In part because tagging with wav files is somewhere between a pain in the neck and impossible, while flac makes it easy. Also, why waste space if you don't have to?

post #25 of 36

Disk space is dirt cheap these days... I don't consider the extra space to be a "waste".  With most of my CDs already ripped, I have used only 20% of the drive space on my NAS.  And if I need to add space in the future it is a simple process to swap the disks for larger ones without compromising the data in any way.

 

I am content knowing that I have WAV file archives of all of my CDs.  If I then need to convert them to another format for whatever reason, I can do so once, multiple times, whatever, without having to touch the CDs again.  Also for my purposes tagging wasn't an issue.

 

Thanks for your response!

post #26 of 36

I agree that disk space isn't an issue, but when there's zero difference between the files aside from the fact that one is ~60% the size, I will tend to go with the small file option. That having been said, aside from the tagging and disk space, there's no real downside to wav, so if you are OK with both of those downsides, I agree that there's no reason not to just use wav.

post #27 of 36
Once you stop straining to analyse the sound quality, you can actually enjoy the music. Things sound better when you relax.

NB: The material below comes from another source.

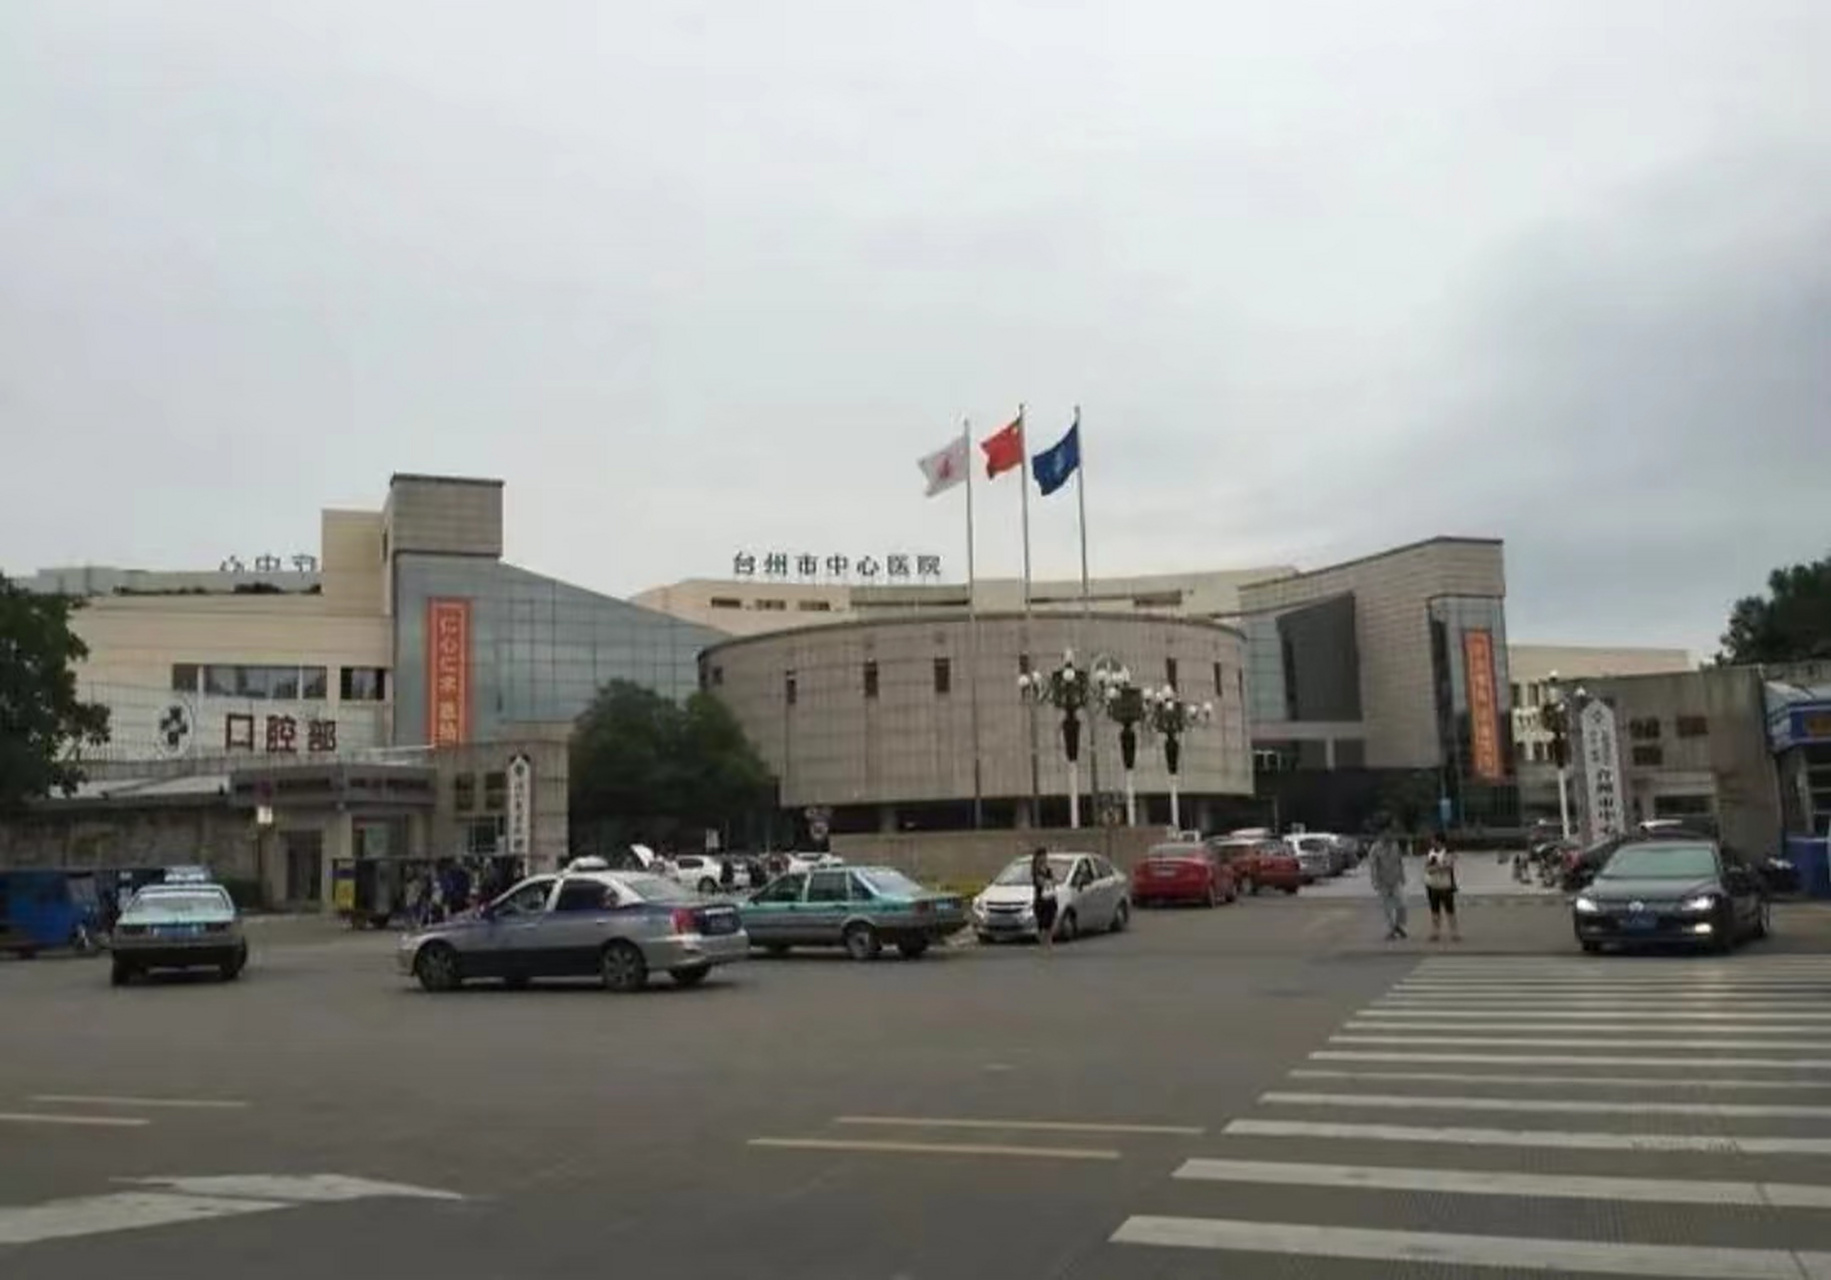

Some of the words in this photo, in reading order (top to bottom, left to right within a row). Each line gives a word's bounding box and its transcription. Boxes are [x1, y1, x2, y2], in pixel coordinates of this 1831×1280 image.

[733, 551, 942, 577] 台州市中心医院
[225, 713, 337, 753] 口腔部
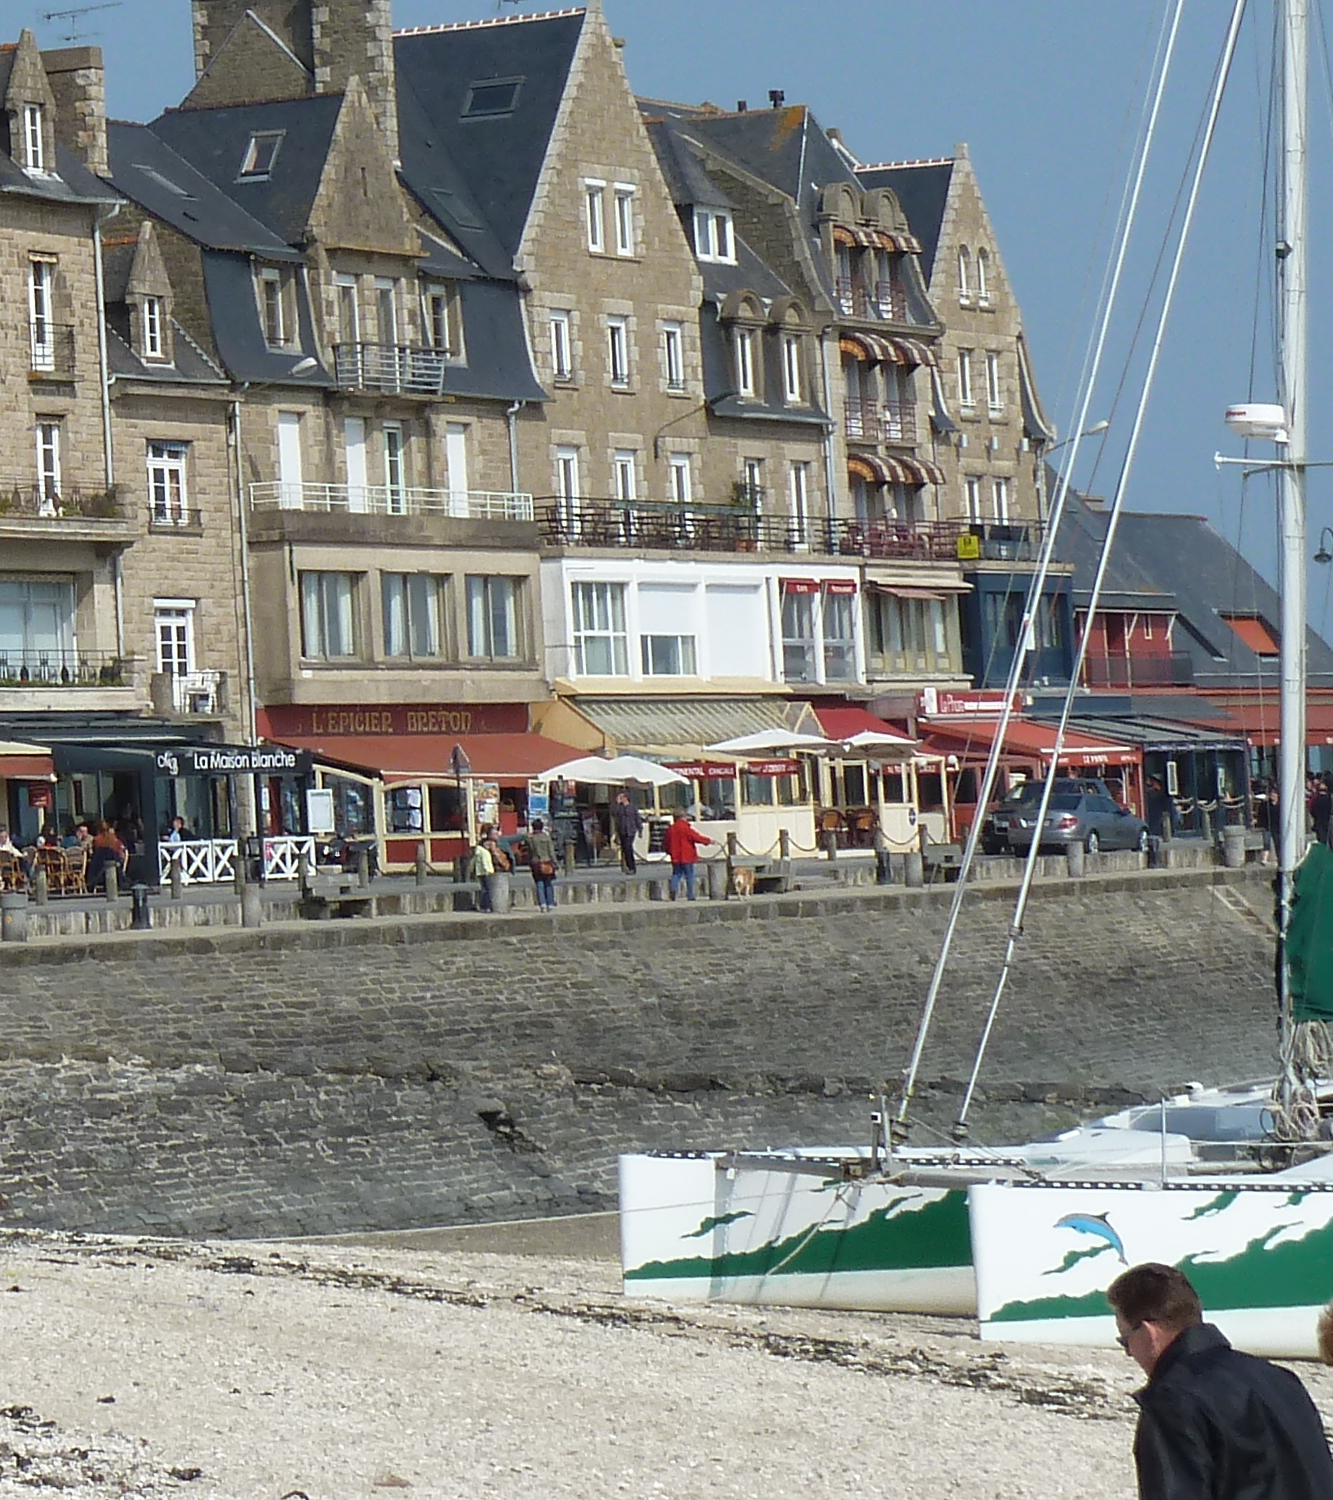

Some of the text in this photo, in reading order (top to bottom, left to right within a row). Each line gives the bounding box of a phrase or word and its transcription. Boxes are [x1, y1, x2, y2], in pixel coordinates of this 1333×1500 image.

As the zen phrase goes, the best way to climb a mountain is to begin at the top.
Edited by Agharta - 5/15/14 at 9:55pm
post #28 of 36
Quote:
Originally Posted by Agharta View Post

Once you stop straining to analyse the sound quality, you can actually enjoy the music. Things sound better when you relax.

As the zen phrase goes, the best way to climb a mountain is to begin at the top.

:confused_face_2:  How can you climb when you are already at the top?

post #29 of 36
Indeed. You are not familiar with Zen Buddhism, I see.
post #30 of 36
Quote:
Originally Posted by cjl View Post
 

I agree that disk space isn't an issue, but when there's zero difference between the files aside from the fact that one is ~60% the size, I will tend to go with the small file option.

 

That's why I use AAC 256 VBR. It sounds the same. Sound is all I care about.